Innit amazing time and time again how so "little" snow could kill you if there wouldn't be competent buddies ready? You'd have _zero_ chance. It's not a huge slide. He wasn't covered very deep. But still, even when the dug him already halfway out, he wasn't able to move. 

The moment a slide settles it transforms into firm concrete! No movement - not to think of self rescue - possible. You're captured. A friend of me once was caught in a slide, upper body free, only halfway to upper arms had been covered, lower arms only 15cm under the settled snow. He's a strong guy, rock climber, and said by the life of him, he couldn't get his arms free, not even with all the adrenaline rush; his buddies had to dig him out. 

Glad they got him out so quickly. Glad his buddy with the cam had the awareness to spot the spot of last sight and thus was able to start the search close and get the signal soon. That moment when one heard sound of the Mammut Pulse beacon getting a signal almost ripped my nerves!


----------



## KIRKRIDER (Mar 18, 2008)

neni said:


> Impressive video. Thanks for sharing.
> 
> Innit amazing time and time again how so "little" snow could kill you if there wouldn't be competent buddies ready? You'd have _zero_ chance. It's not a huge slide. He wasn't covered very deep. But still, even when the dug him already halfway out, he wasn't able to move.
> 
> ...



With all respect... not fucking worth it for few pow turns. Not. No. I was imagining me and my son in the same situation. No...never. 
I'm happy with a pow day inbound thanks. I love pow. But every time I see videos like that...no. Fuck that. Terrifying.


----------



## neni (Dec 24, 2012)

KIRKRIDER said:


> With all respect... not fucking worth it for few pow turns. Not. No. I was imagining me and my son in the same situation. No...never.
> I'm happy with a pow day inbound thanks. I love pow. But every time I see videos like that...no. Fuck that. Terrifying.


Yeh... I can imagine that if having the own kid im mind one gets an even more intense reaction to such vids. Lucky you that you have safe inbound pow to ride, so take advantage of this and enjoy. 

I've had monents when I conciously re-thought BC riding, if it's worth it. Even reluctant, risk avoiding ppl can be unlucky. A little misjudgment can be enough... but there's more to it than just a few pow turns (well, sometimes there's not even pow...). It's the beauty of the landscape, the mantra of the steps, the glorious moment reaching a summit... one does one's best to minimize the risks, prepare well, make conservative decisions... but there'll always be a rest risk cos you can never include all variables. To me, this rest risk which I cannot influence is low enough in comparison to the reward. But I don't have kids...


----------



## KIRKRIDER (Mar 18, 2008)

neni said:


> Yeh... I can imagine that if having the own kid im mind one gets an even more intense reaction to such vids. Lucky you that you have safe inbound pow to ride, so take advantage of this and enjoy.
> 
> I've had monents when I conciously re-thought BC riding, if it's worth it. Even reluctant, risk avoiding ppl can be unlucky. A little misjudgment can be enough... but there's more to it than just a few pow turns (well, sometimes there's not even pow...). It's the beauty of the landscape, the mantra of the steps, the glorious moment reaching a summit... one does one's best to minimize the risks, prepare well, make conservative decisions... but there'll always be a rest risk cos you can never include all variables. To me, this rest risk which I cannot influence is low enough in comparison to the reward. But I don't have kids...

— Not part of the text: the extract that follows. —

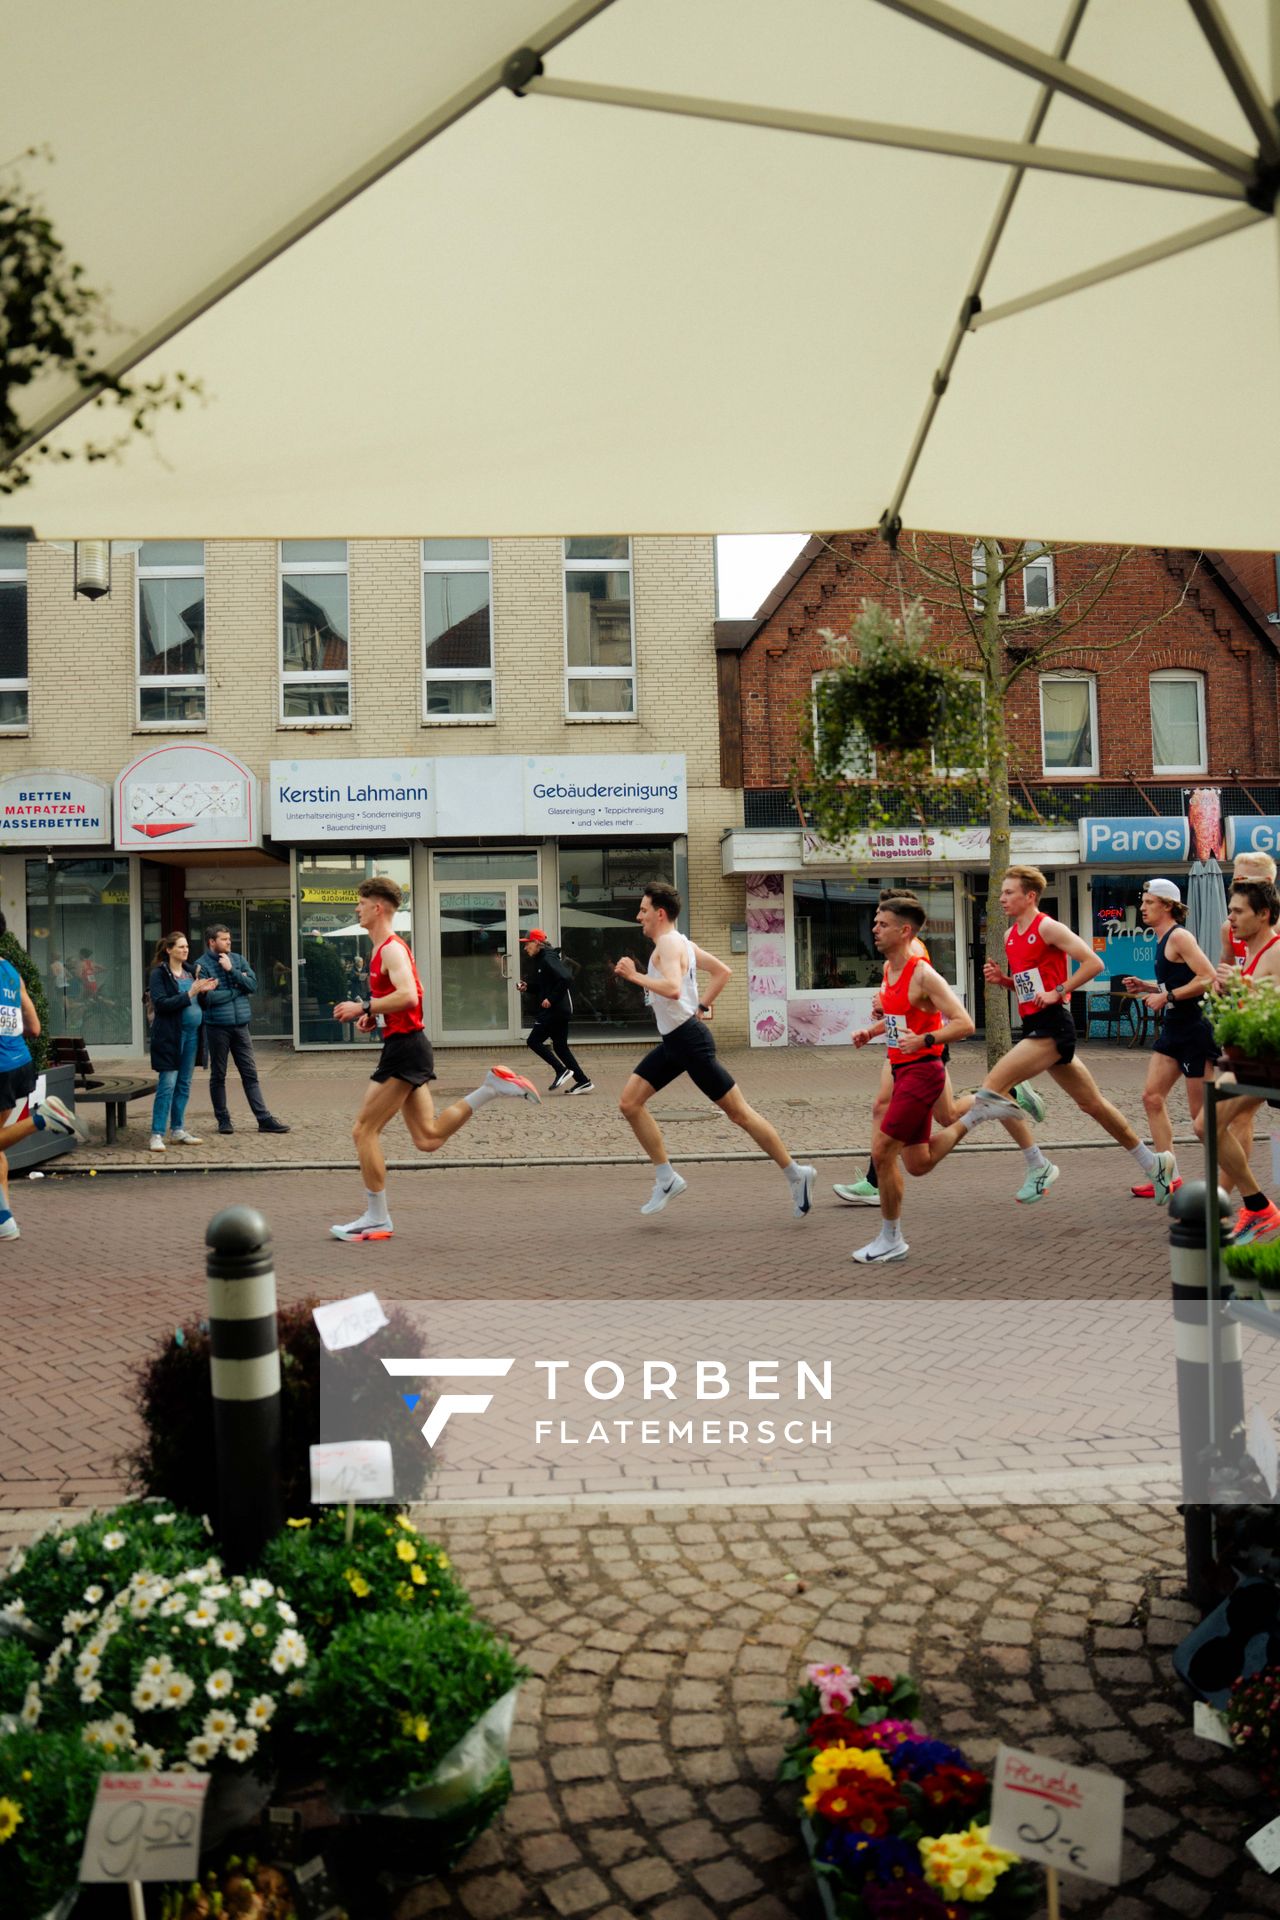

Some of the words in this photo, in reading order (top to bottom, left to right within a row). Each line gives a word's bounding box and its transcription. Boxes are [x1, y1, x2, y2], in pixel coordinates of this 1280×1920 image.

Sure. Didn't mean to minimize the fascination and pull of BC riding. I meant in that video was literally few turns and it looked pretty safe too. I ride mostly alone sometimes with my son (17) could not help but imagine him under. 
On the other side iim dying to get a taste of that, possibly at Baldface


----------



## Noreaster (Oct 7, 2012)

Not for me to judge any potential mistakes they made in assessing conditions and choosing their lines. As far as I can tell the guy did a good job spotting where his friend got buried and doing everything to get him out quickly. But noticed these two skied without air bags. Could have made a difference for the guy in staying on top of the debris instead of being pulled under.


----------



## phillyphan (Sep 22, 2016)

Noreaster said:


> Not for me to judge any potential mistakes they made in assessing conditions and choosing their lines. As far as I can tell the guy did a good job spotting where his friend got buried and doing everything to get him out quickly. But noticed these two skied without air bags. Could have made a difference for the guy in staying on top of the debris instead of being pulled under.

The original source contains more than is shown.